European Academy of Allergy and Clinical Immunology
- Abbreviation: EAACI
- Formation: 1956
- Type: Medical professional academy (non-profit)
- Location: Zurich, Switzerland
- Region served: Europe
- Membership: Allergists, Immunologists
- President: María Torres, Spain
- Website: www.eaaci.org

= European Academy of Allergy and Clinical Immunology =

The European Academy of Allergy and Clinical Immunology (EAACI) is a non-profit organisation for European clinicians, researchers and allied health professionals in the field of allergy and clinical immunology, covering asthma, rhinitis, eczema and occupational allergy, food and drug allergy, severe anaphylactic reactions, autoimmune disorders, and immunodeficiencies.

More than 50 national allergy societies are members, representing over 16,000 individuals from 124 countries.

==History==
EAACI was founded in 1956 in Florence, Italy; the following year, its constitution and by-laws were codified in Utrecht, The Netherlands.

==Fellowship==
The title of EAACI Fellow is selectively awarded by the EAACI to members who excel in allergy and clinical immunology research. These Fellows serve on a distinguished advisory board for the Academy. Candidates must be active EAACI members involved in committees or task forces and be eminent researchers or medical doctors (with a Scopus h-index or ResearchGate score over 45, leadership in large research consortia, authorship in breakthrough papers, or leadership in clinical guidelines). Each year, four fellows are elected and are entitled to use the post-nominal letters FEAACI.

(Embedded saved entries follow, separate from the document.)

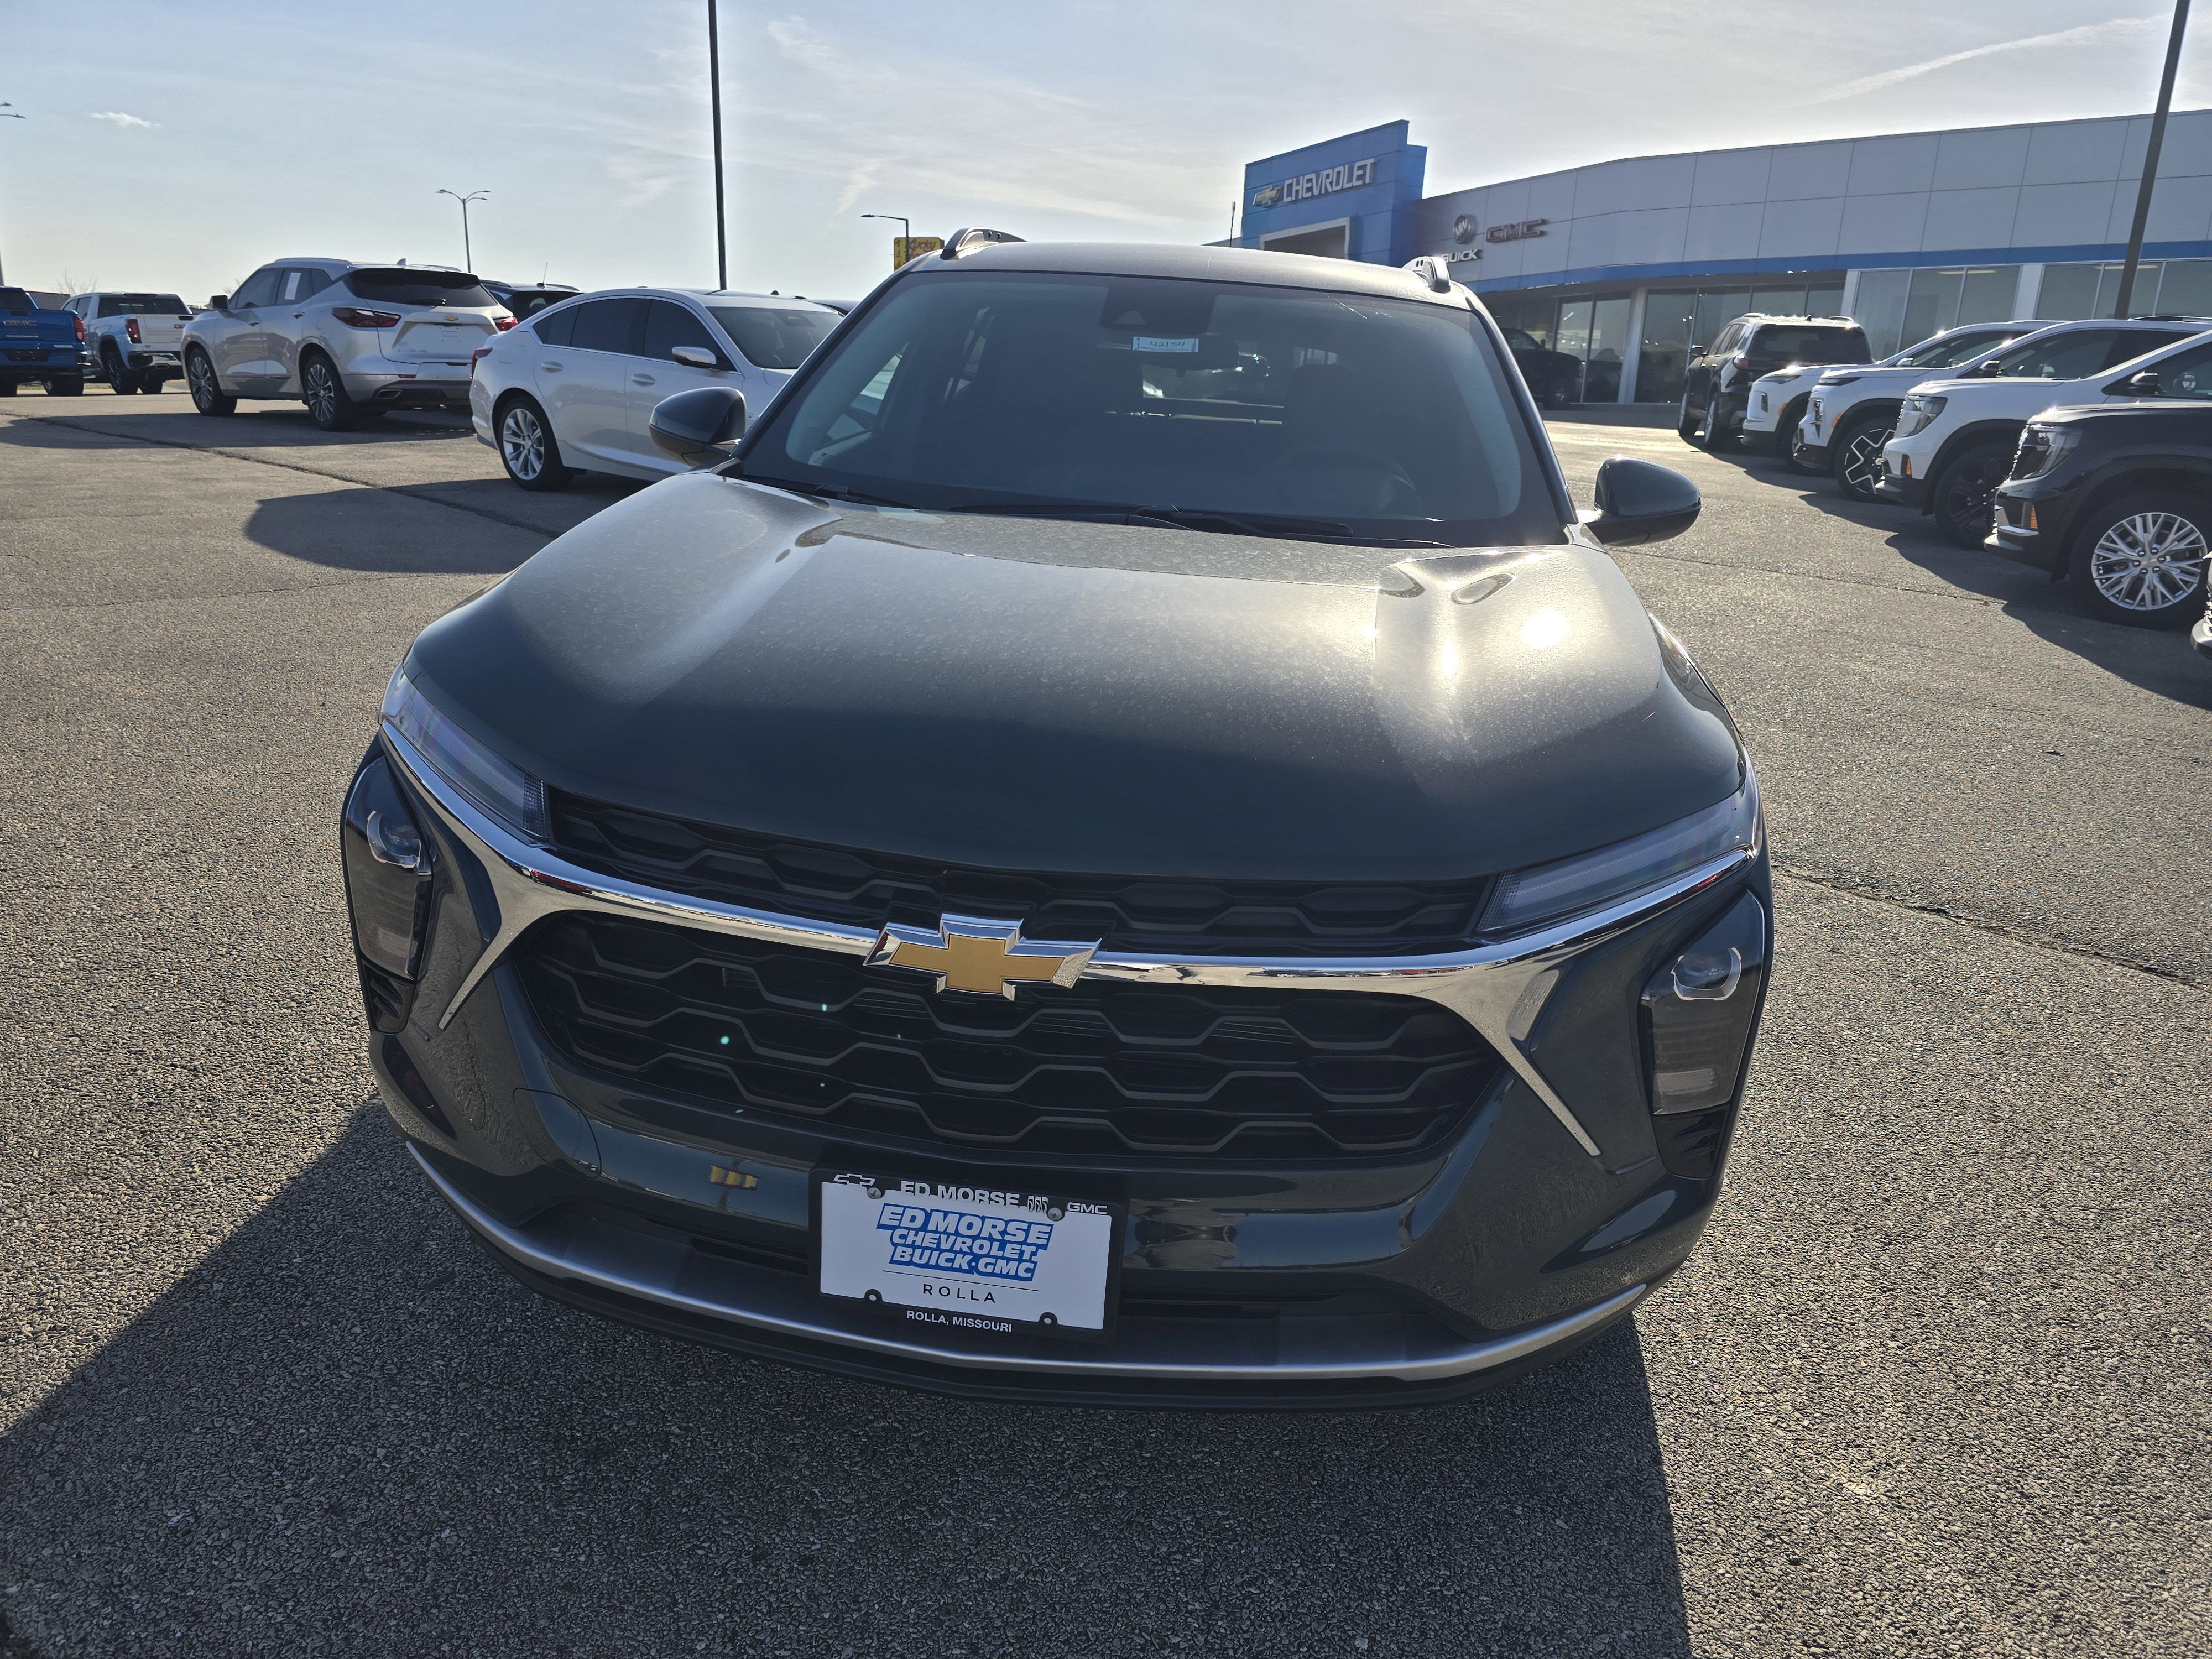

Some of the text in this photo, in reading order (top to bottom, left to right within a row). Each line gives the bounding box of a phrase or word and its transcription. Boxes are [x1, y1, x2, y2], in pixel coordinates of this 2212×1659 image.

[1283, 158, 1375, 202] CHEVROLET
[1486, 219, 1542, 243] GMC
[901, 1180, 1020, 1208] ED MORSE
[1067, 1202, 1108, 1215] GMC
[879, 1205, 1052, 1245] ED MORSE
[892, 1228, 1037, 1260] CHEVROLET
[922, 1284, 996, 1303] ROLLA
[906, 1310, 1012, 1333] ROLLA, MISSOURI

==Conferences and training courses==
The EAACI organizes a four-day annual congress, usually attended by around 7000–8000 international participants. The 2024 congress was held in Valencia, Spain. The association also organises smaller three-day meetings addressing specific areas in the field of allergy, which are usually attended by 250–1500 participants. The association offers training courses on specific topics.

== Affiliations ==

=== Sponsors ===
EAACI is sponsored by pharmaceutical and medical technology companies including AstraZeneca, DBV Technologies, GlaxoSmithKline, HAL Allergy Group, Novartis, Regeneron Pharmaceuticals, Sanofi, Stallergenes Greer, and Thermo Fisher Scientific.

=== Partnerships ===
EAACI is a member of the Alliance for Biomedical Research in Europe (BioMed Alliance) and, European Chronic Disease Alliance (ECDA), and became involved in the activities of the European Medicines Agency in April 2014.

== Publications and resources ==
The EAACI publishes three peer-reviewed academic journals:
- Allergy
- Pediatric Allergy and Clinical Immunology
- Clinical and Translational Allergy, an open-access online journal

It also publishes other resources, including guidelines and books.